[Start of section]

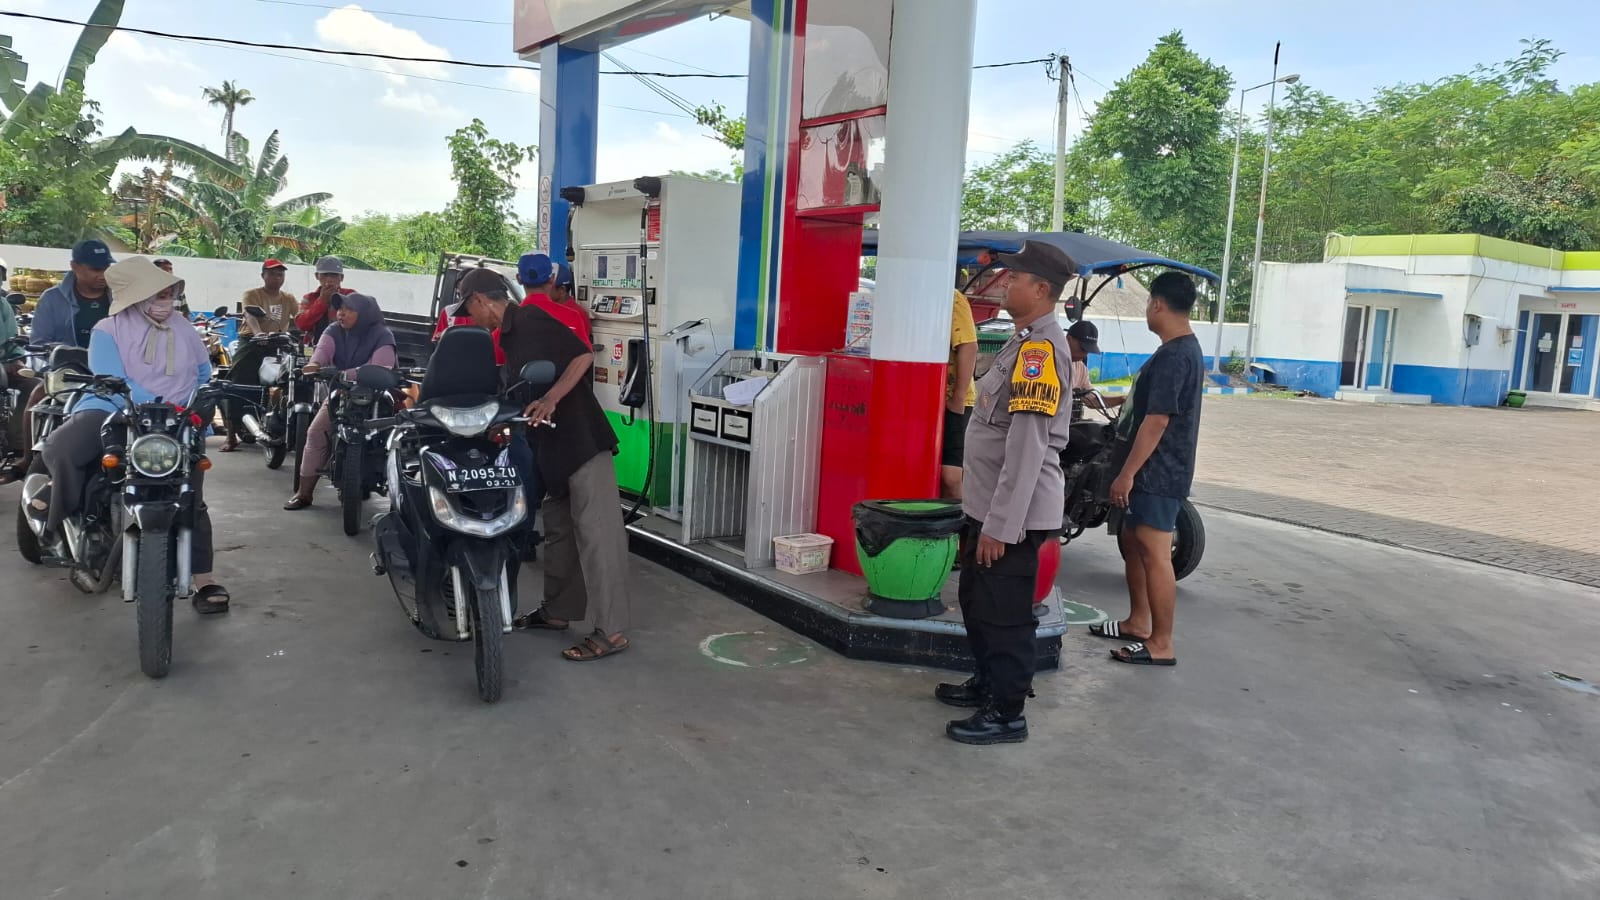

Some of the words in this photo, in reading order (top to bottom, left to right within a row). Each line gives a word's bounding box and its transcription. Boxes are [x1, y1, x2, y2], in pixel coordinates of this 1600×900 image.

[592, 279, 613, 287] PERTALITE
[620, 279, 643, 288] PERTALIT
[448, 470, 457, 481] N
[461, 467, 495, 480] 2095
[499, 467, 516, 478] ZU
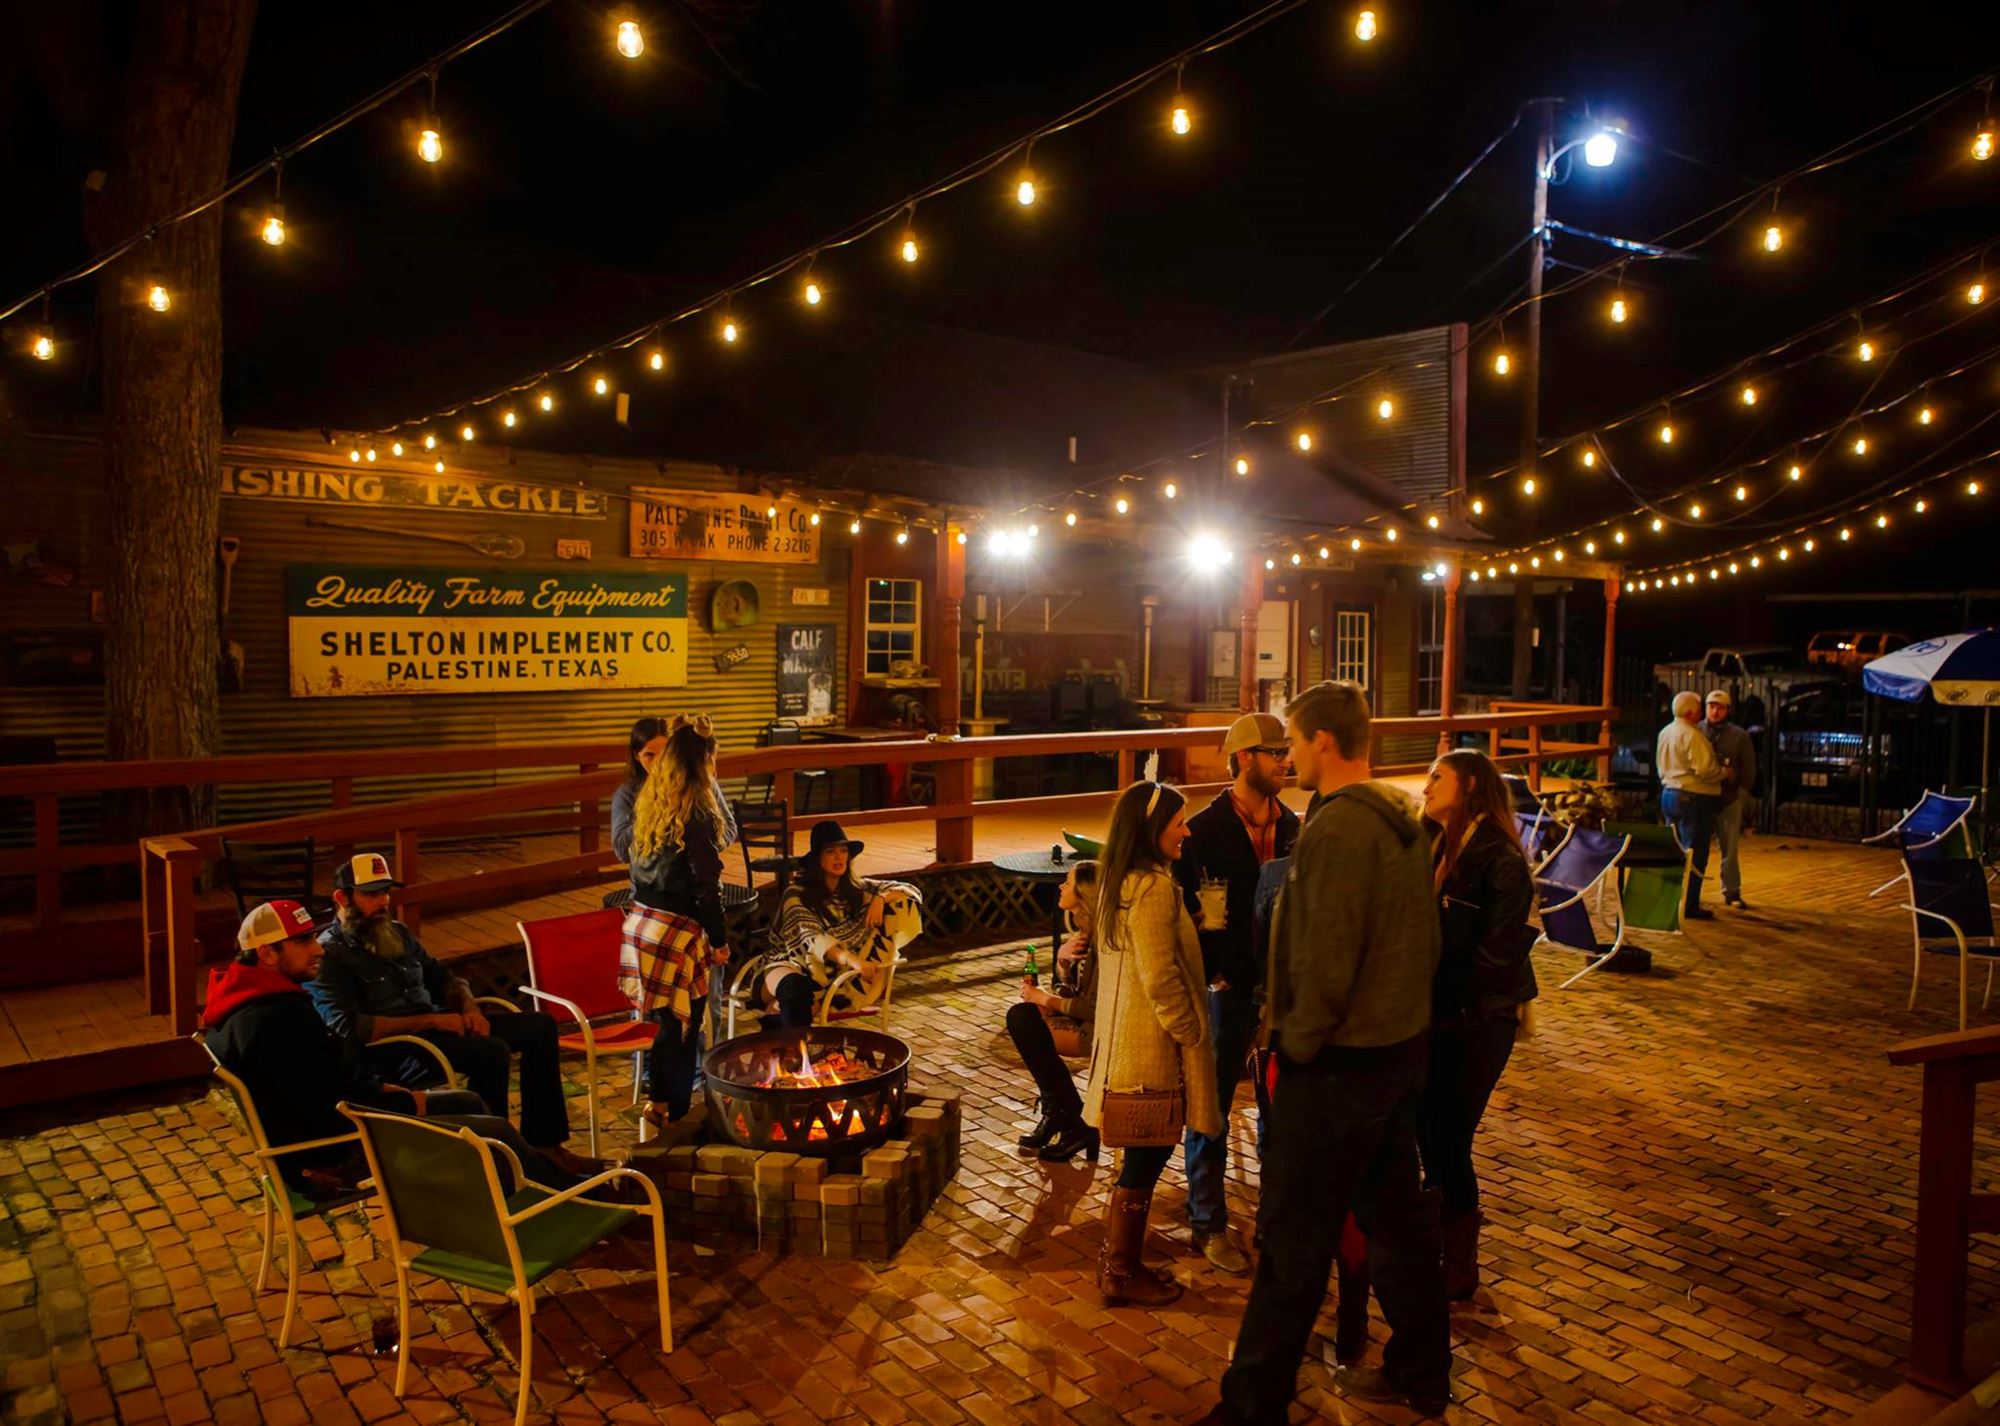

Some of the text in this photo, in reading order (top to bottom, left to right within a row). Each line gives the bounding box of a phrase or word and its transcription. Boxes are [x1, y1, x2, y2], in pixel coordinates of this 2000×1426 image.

[419, 479, 600, 514] TACKLE
[645, 503, 734, 529] PALEINE
[641, 529, 667, 547] 305
[728, 534, 768, 551] PHONE
[306, 576, 675, 616] Quality Farm Equipment
[320, 631, 675, 656] SHELTON IMPLEMENT CO.
[791, 630, 822, 651] CALF
[542, 659, 619, 678] TEXAS

[End of section]

What to produce
Transcribe the whole listing above exactly and leave out the pictures.

Answer space
Some of the words in this photo, in reading order (top to bottom, left to right within a row). Each line gives a word's bounding box and its transcription. Boxes are [x1, y1, x2, y2], in pixel coordinates of this 1600×900 image.

[592, 279, 613, 287] PERTALITE
[620, 279, 643, 288] PERTALIT
[448, 470, 457, 481] N
[461, 467, 495, 480] 2095
[499, 467, 516, 478] ZU

Some of the text in this photo, in reading order (top to bottom, left to right within a row). Each line gives the bounding box of a phrase or word and its transcription. Boxes are [x1, y1, x2, y2], in pixel coordinates of this 2000×1426 image.

[419, 479, 600, 514] TACKLE
[645, 503, 734, 529] PALEINE
[641, 529, 667, 547] 305
[728, 534, 768, 551] PHONE
[306, 576, 675, 616] Quality Farm Equipment
[320, 631, 675, 656] SHELTON IMPLEMENT CO.
[791, 630, 822, 651] CALF
[542, 659, 619, 678] TEXAS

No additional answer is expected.